While researchers from the Shanghai Jiao Tong University School of Medicine (in China) have speculated that taking probiotics (yogurt, miso, kefir, and other fermented foods) might help relieve anxiety. However, the studies are in their infancy.

"They do not yet allow us to understand what are the complex mechanisms underlying the correlation between microbiota and anxiety nor for the creation of validated guidelines for appropriate therapeutic interventions", concludes nutritionist Tiziana Stallone.



A DAILY MENU

Taken from the book The anti anxiety diet (Tre60, € 16,90) by Dr. Ali Miller.

Breakfast

1 portion of coconut and chia pudding (see page 28) 1 soft-boiled egg

Snack

10 toasted macadamia nuts 2 tablespoons of coconut flakes.


Lunch

1 or 2 servings of nori seaweed and turkey rolls (see page 28)

Snack

2 balls of mango and dried fruit

Price

40g purple cabbage 115-170g grilled white fish topped with chili powder and 2 teaspoons avocado oil, garnished with chopped almonds, 2 teaspoons of herbs and served on a bed of lettuce.



Dr. Miller's recipes

  • 1. Coconut and chia seed pudding

For 6 people

Pour 480 ml of whole coconut milk, 100 g of chia seeds, 40 g of coarse coconut flakes, 1 tablespoon of vanilla extract, 1/2 teaspoon of cinnamon powder and 1/8 teaspoon of cardamom into a bowl. ground and 2 tablespoons of amber maple syrup.

Mix all the ingredients with the help of a whisk until they are combined. Then, pour the mixture into 6 glass jars with lids and place them in the refrigerator. After an hour, mix the mixture two or three times and let it rest in the refrigerator for at least 6-8 hours.


It's good because. Chia seeds contain soluble fiber which supports intestinal health. In addition, they stimulate motility, counteracting constipation and the accumulation of toxins and waste substances.


  • 2. Nori seaweed and turkey rolls


For 4 people

Arrange 4 sheets of nori seaweed with the shiny side facing down. Mash 1 avocado cut in half and without the stone in a bowl and season with a pinch of salt and the juice of one lemon. Spread the avocado on the nori seaweed sheets with the help of a spatula. Add 2-3 slices of roasted turkey and 2-3 strips of bell pepper horizontally to the bottom quarter of the nori sheets.

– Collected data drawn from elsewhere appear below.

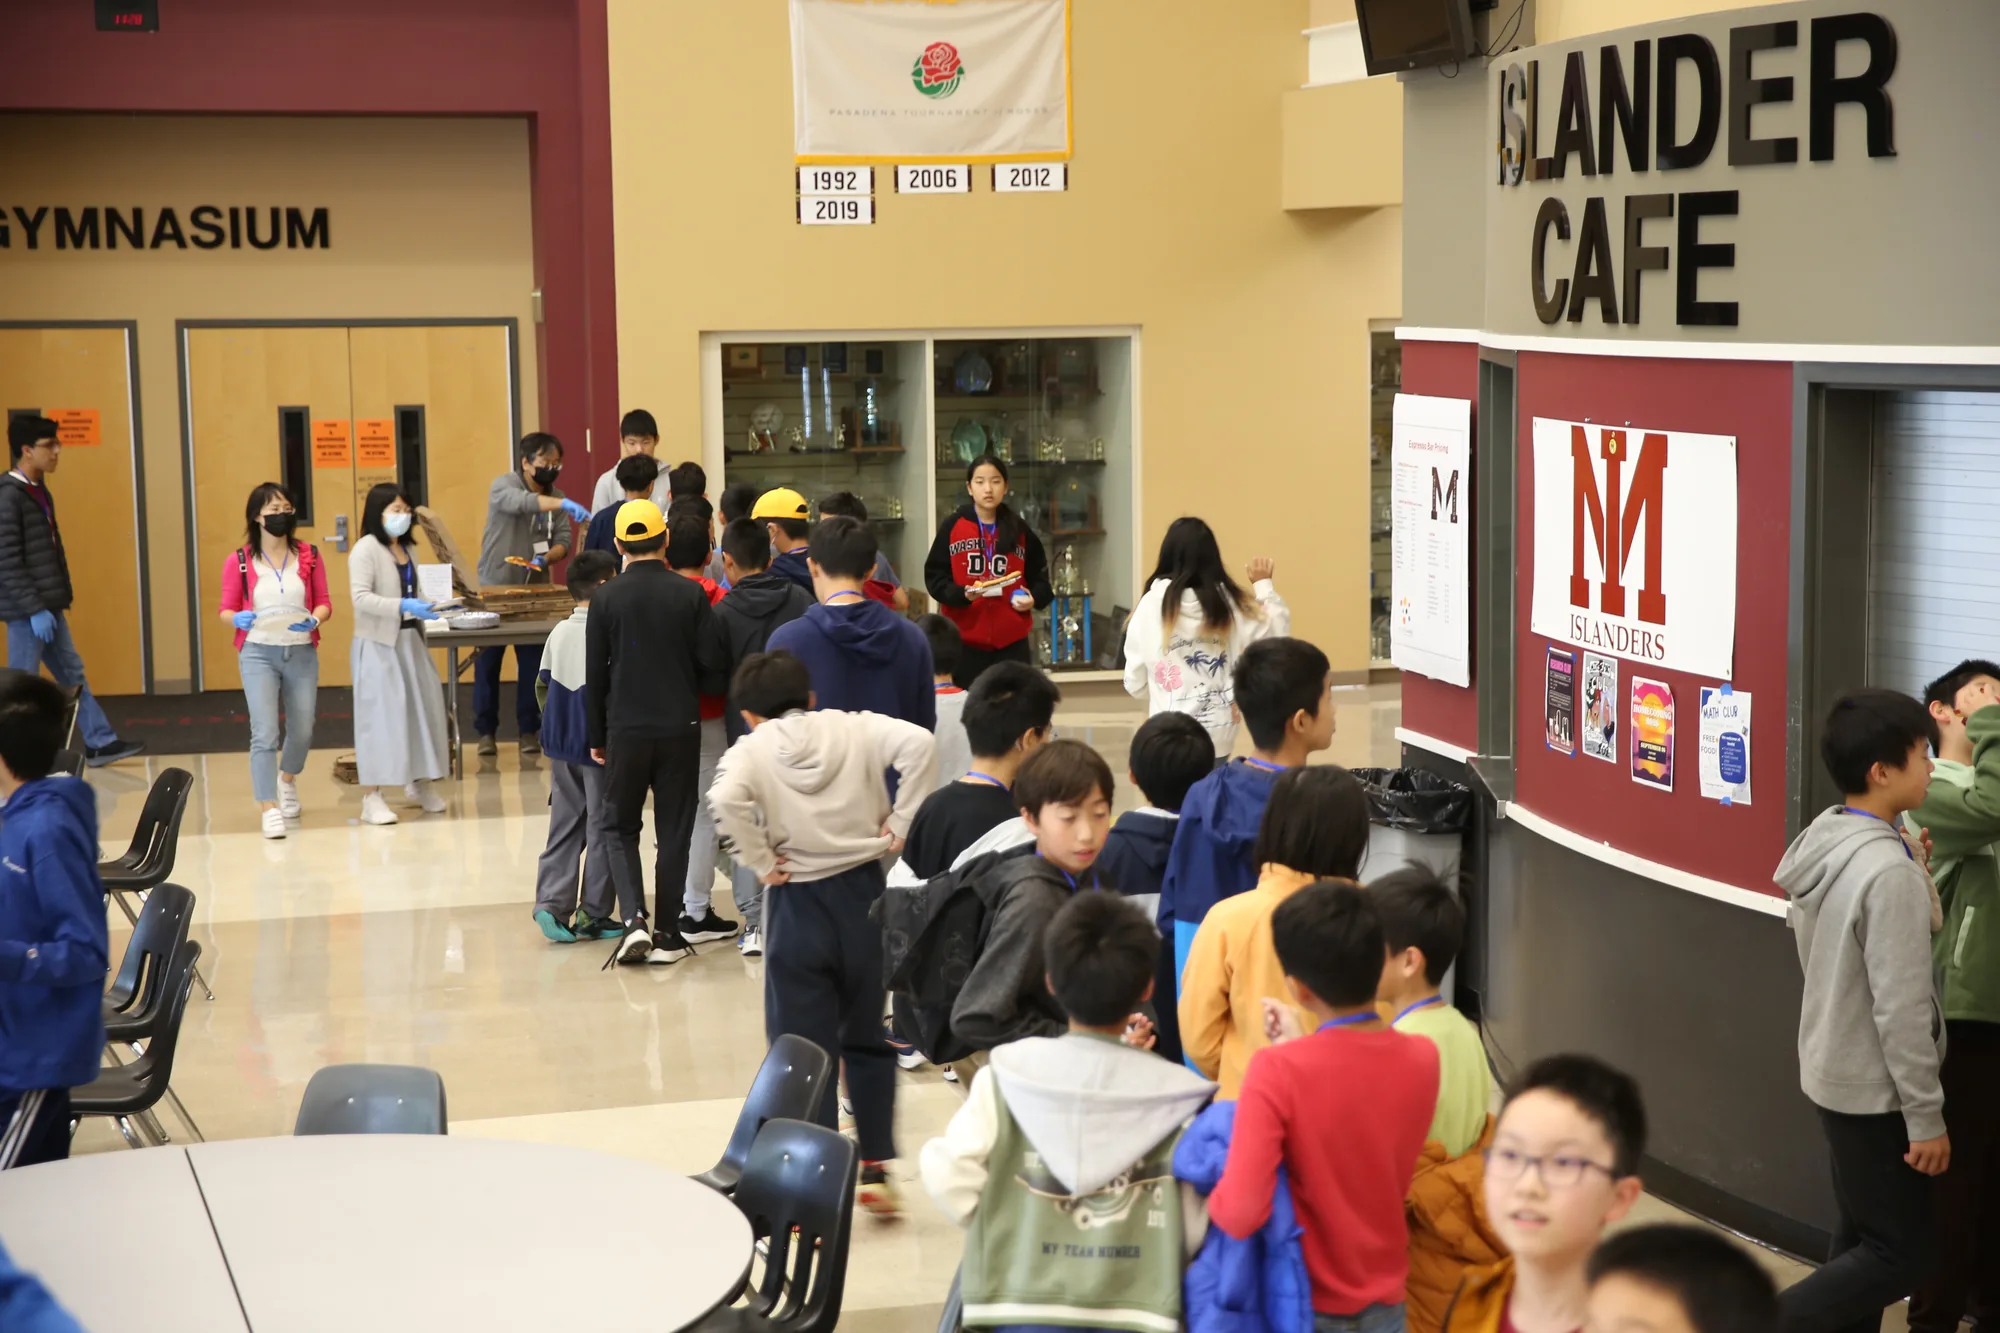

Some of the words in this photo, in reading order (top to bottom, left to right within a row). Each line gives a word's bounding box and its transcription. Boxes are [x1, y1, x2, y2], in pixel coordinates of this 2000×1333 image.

[1496, 11, 1898, 187] ISLANDER
[829, 108, 897, 117] PASADENA
[903, 108, 988, 117] TOURNAMENT
[813, 171, 857, 191] 1992
[910, 169, 957, 188] 2006
[1010, 168, 1050, 187] 2012
[816, 201, 858, 220] 2019
[0, 206, 330, 251] YMNASIUM
[1531, 189, 1740, 327] CAFE
[1570, 614, 1665, 661] ISLANDERS
[1633, 704, 1671, 720] HOMECOMING
[1703, 707, 1719, 719] MATH
[1723, 705, 1738, 718] CLUB
[1703, 734, 1715, 743] FREE
[1701, 745, 1717, 755] FOOD!
[1042, 1242, 1059, 1255] MY
[1064, 1244, 1095, 1257] TEAM
[1098, 1245, 1141, 1258] NUMBER
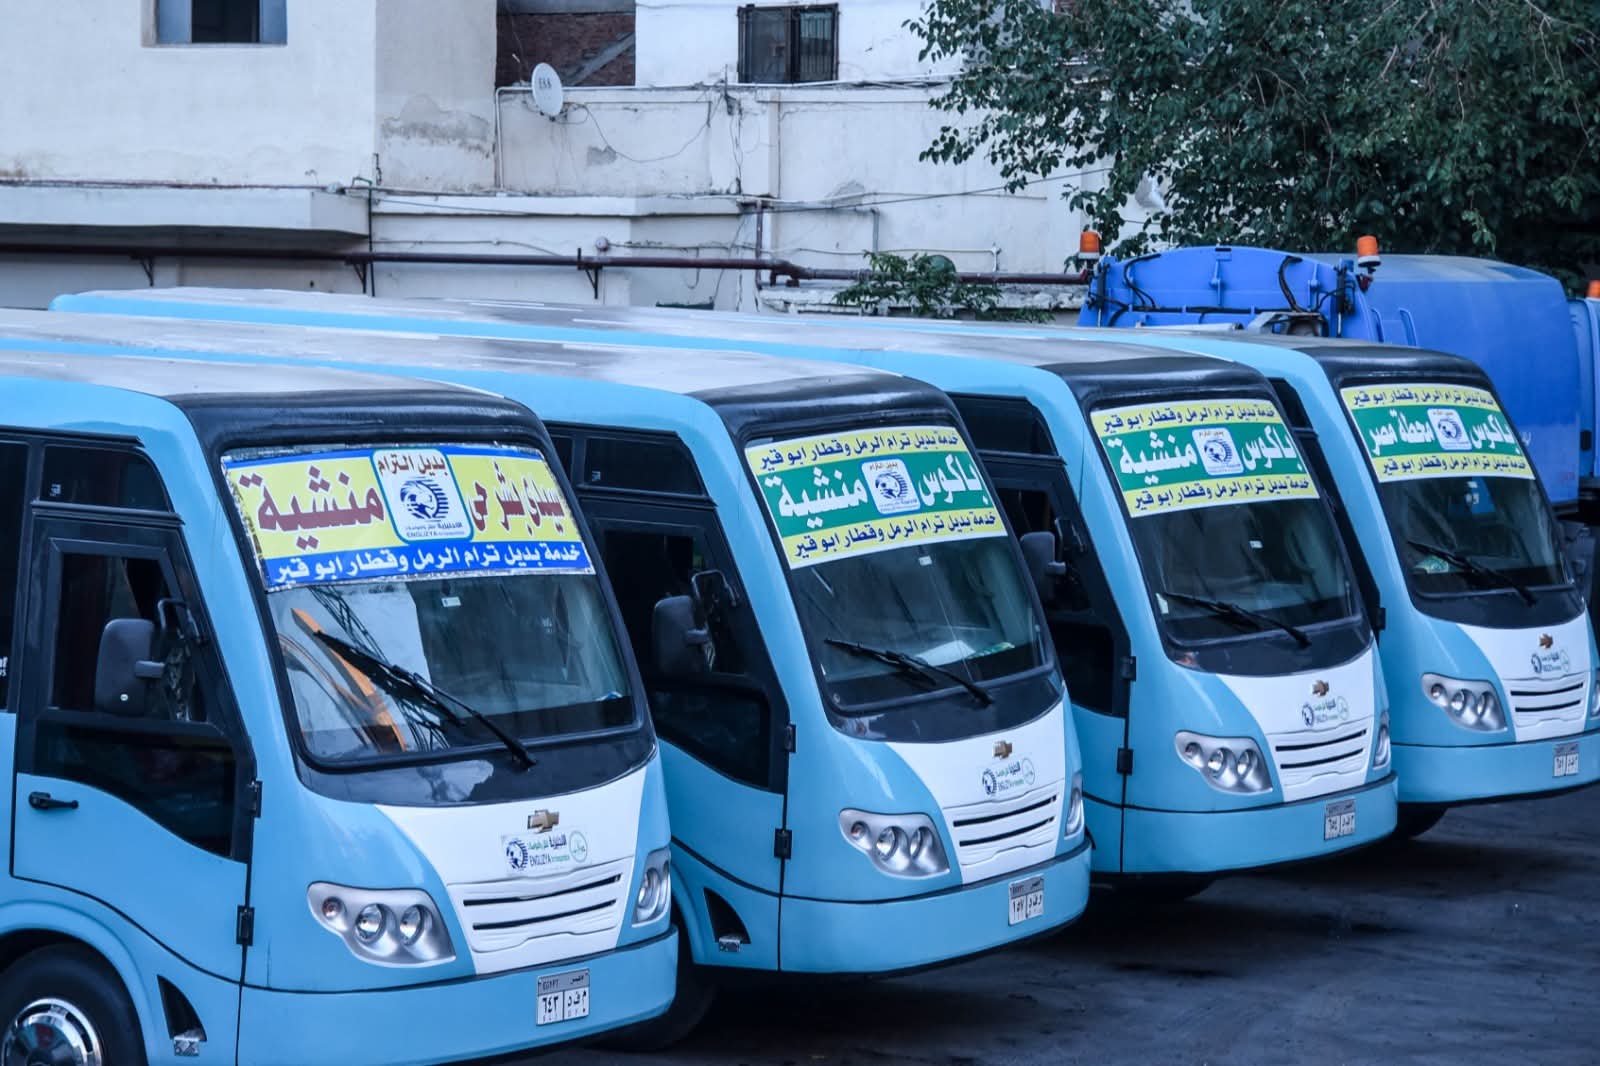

Roll up the sheets one at a time, starting from the bottom and stopping after passing the pepper. Add 60 grams of green leafy vegetables to the remaining space. Finish rolling the seaweed sheets, leaving 2-3 cm free. Wet your index and middle fingers in lukewarm water and pass them over the top of the seaweed. Seal the roll using more water. Cut them into slices using a sharp knife and serve to the table.

They do well because. Nori seaweed is an excellent source of tyrosine, a substance essential for the production of neurotransmitters related to well-being including dopamine, noradrenaline and adrenaline. Taken with tryptophan present in turkey, it improves mood. The pepper, rich in antioxidants and vitamin C, helps the well-being of the adrenal glands.